What is required = Leave out the pictures and copy the remaining records exactly.

##########

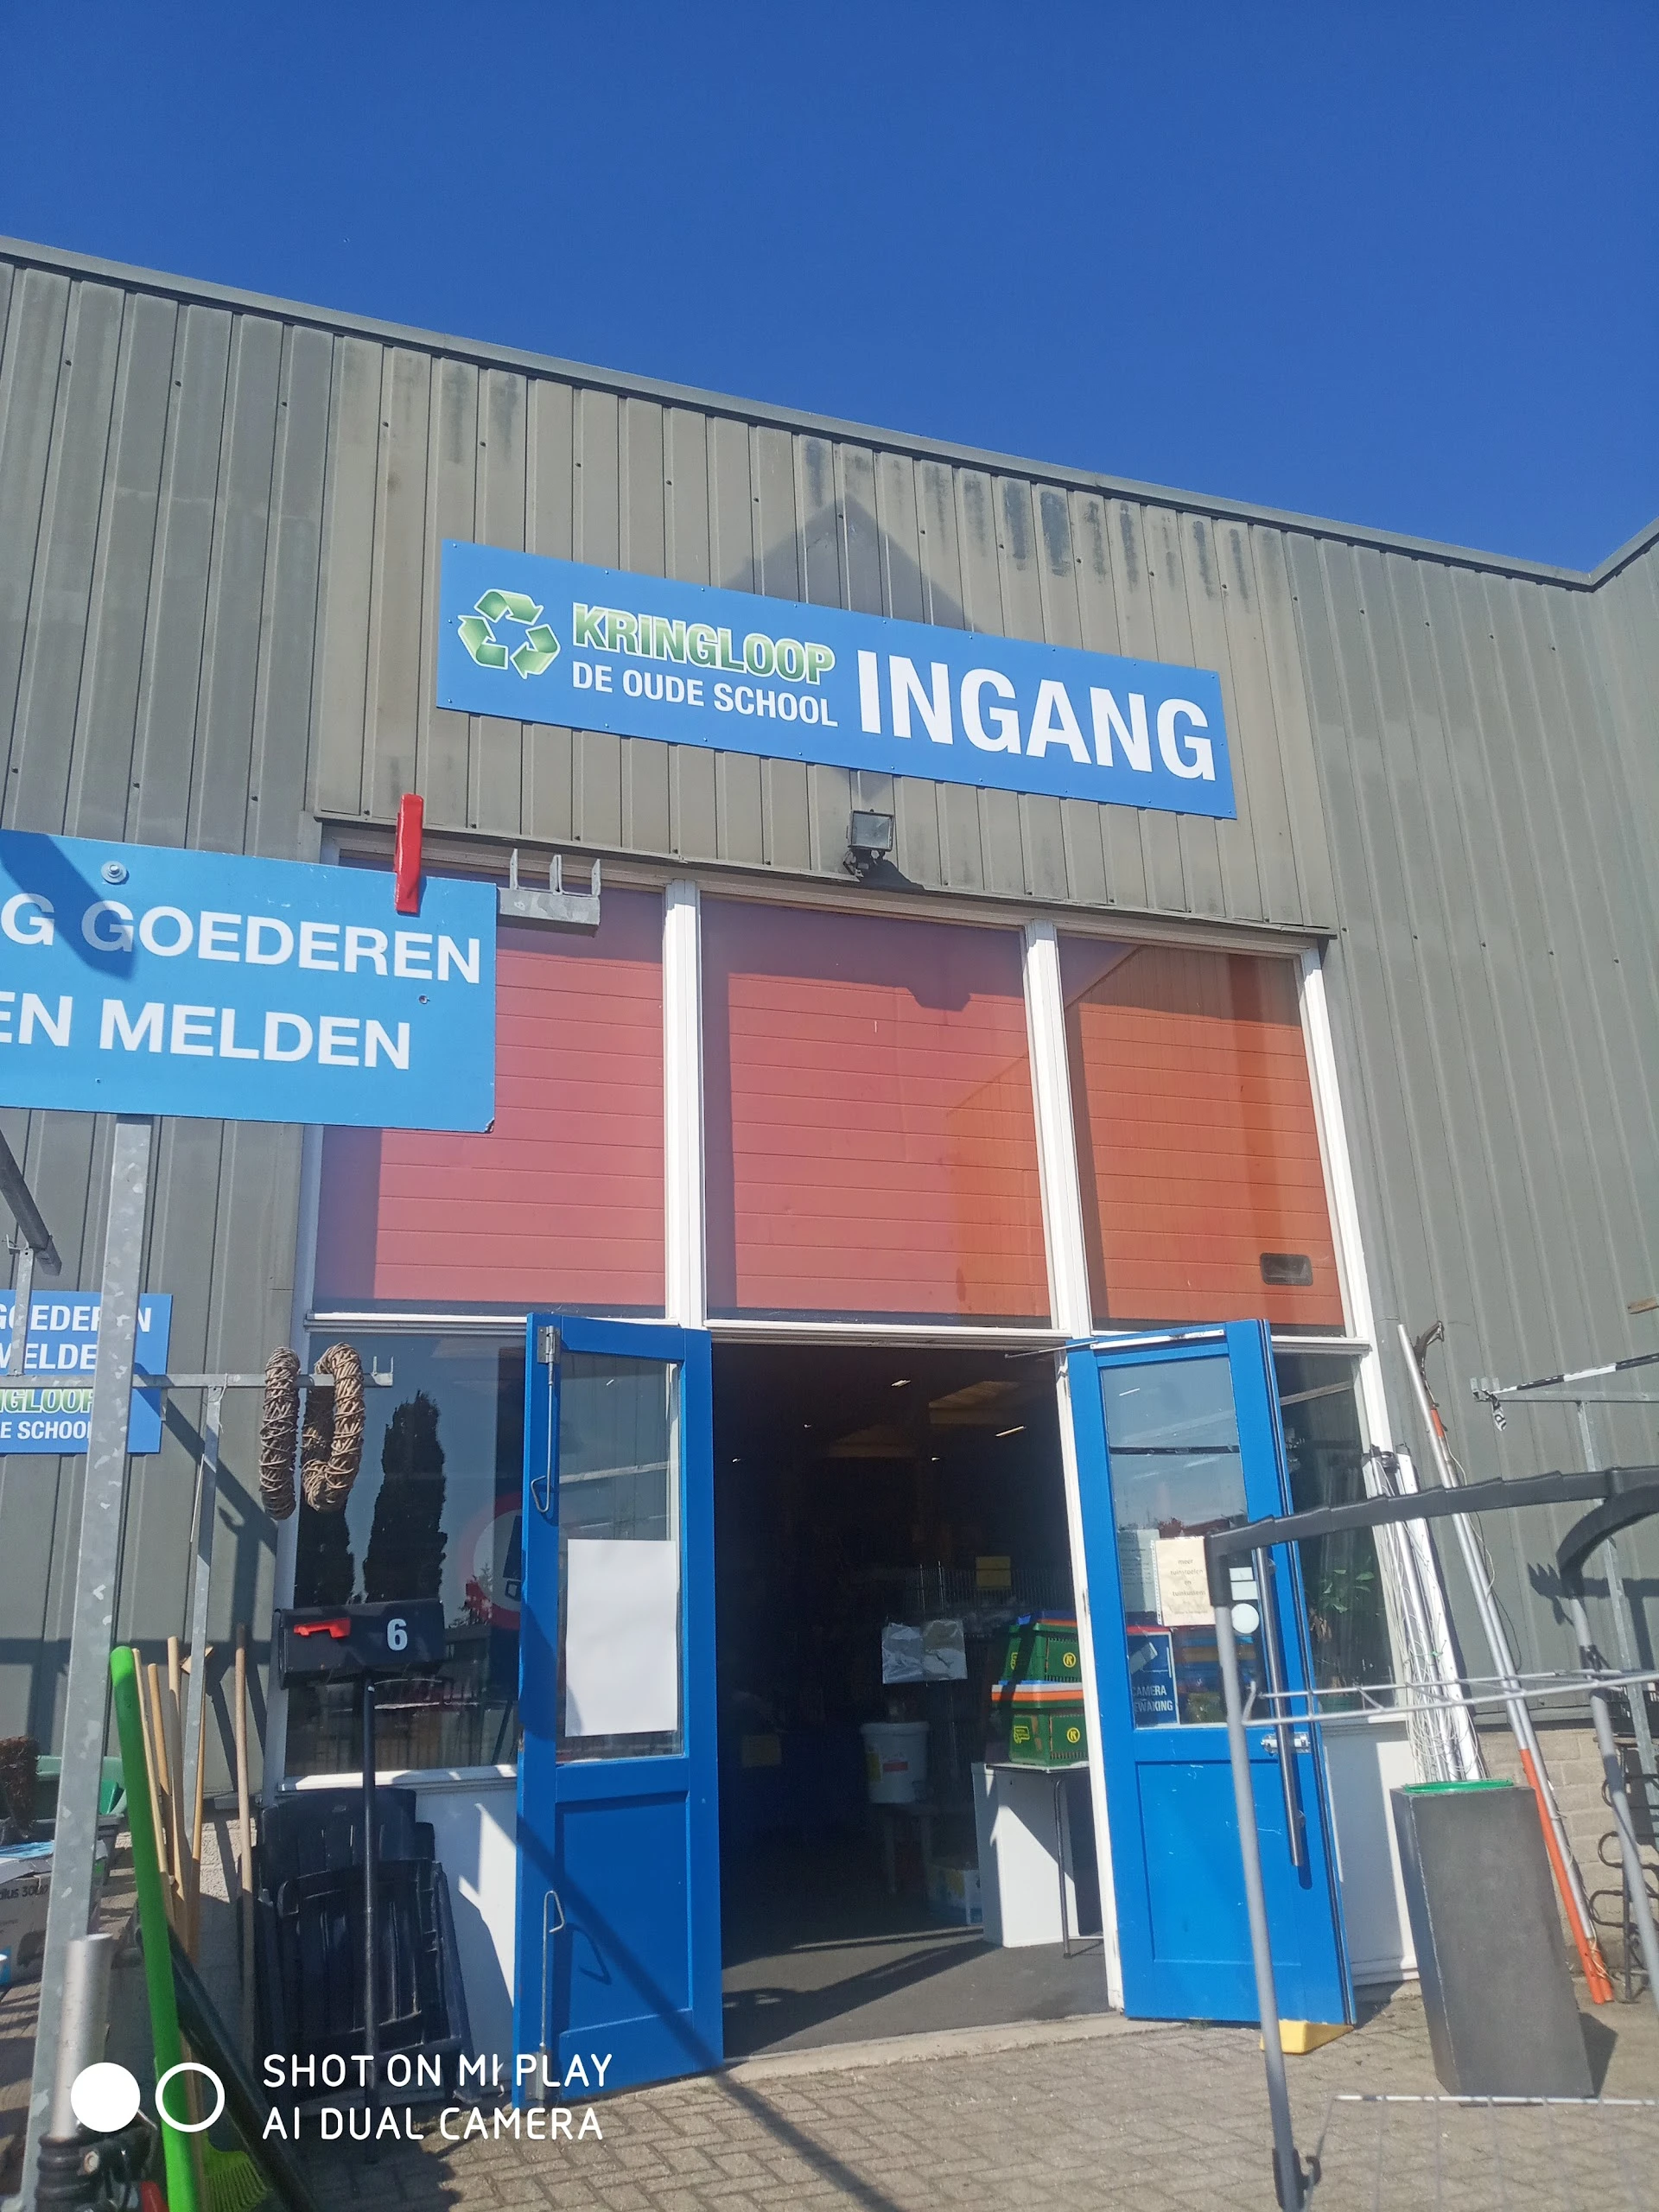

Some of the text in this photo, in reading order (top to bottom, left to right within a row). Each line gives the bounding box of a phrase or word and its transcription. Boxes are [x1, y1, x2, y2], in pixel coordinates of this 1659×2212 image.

[572, 602, 836, 685] KRINGLOOP
[573, 661, 838, 728] DE OUDE SCHOOL
[857, 650, 1216, 781] INGANG
[81, 900, 480, 984] GOEDEREN
[99, 999, 410, 1070] MELDEN
[386, 1618, 408, 1651] 6
[1132, 1685, 1167, 1696] CAMERA

##########

Written reply =
Some of the text in this photo, in reading order (top to bottom, left to right within a row). Each line gives the bounding box of a phrase or word and its transcription. Boxes are [x1, y1, x2, y2], in pixel coordinates of this 1659×2212 image.

[572, 602, 836, 685] KRINGLOOP
[573, 661, 838, 728] DE OUDE SCHOOL
[857, 650, 1216, 781] INGANG
[81, 900, 480, 984] GOEDEREN
[99, 999, 410, 1070] MELDEN
[386, 1618, 408, 1651] 6
[1132, 1685, 1167, 1696] CAMERA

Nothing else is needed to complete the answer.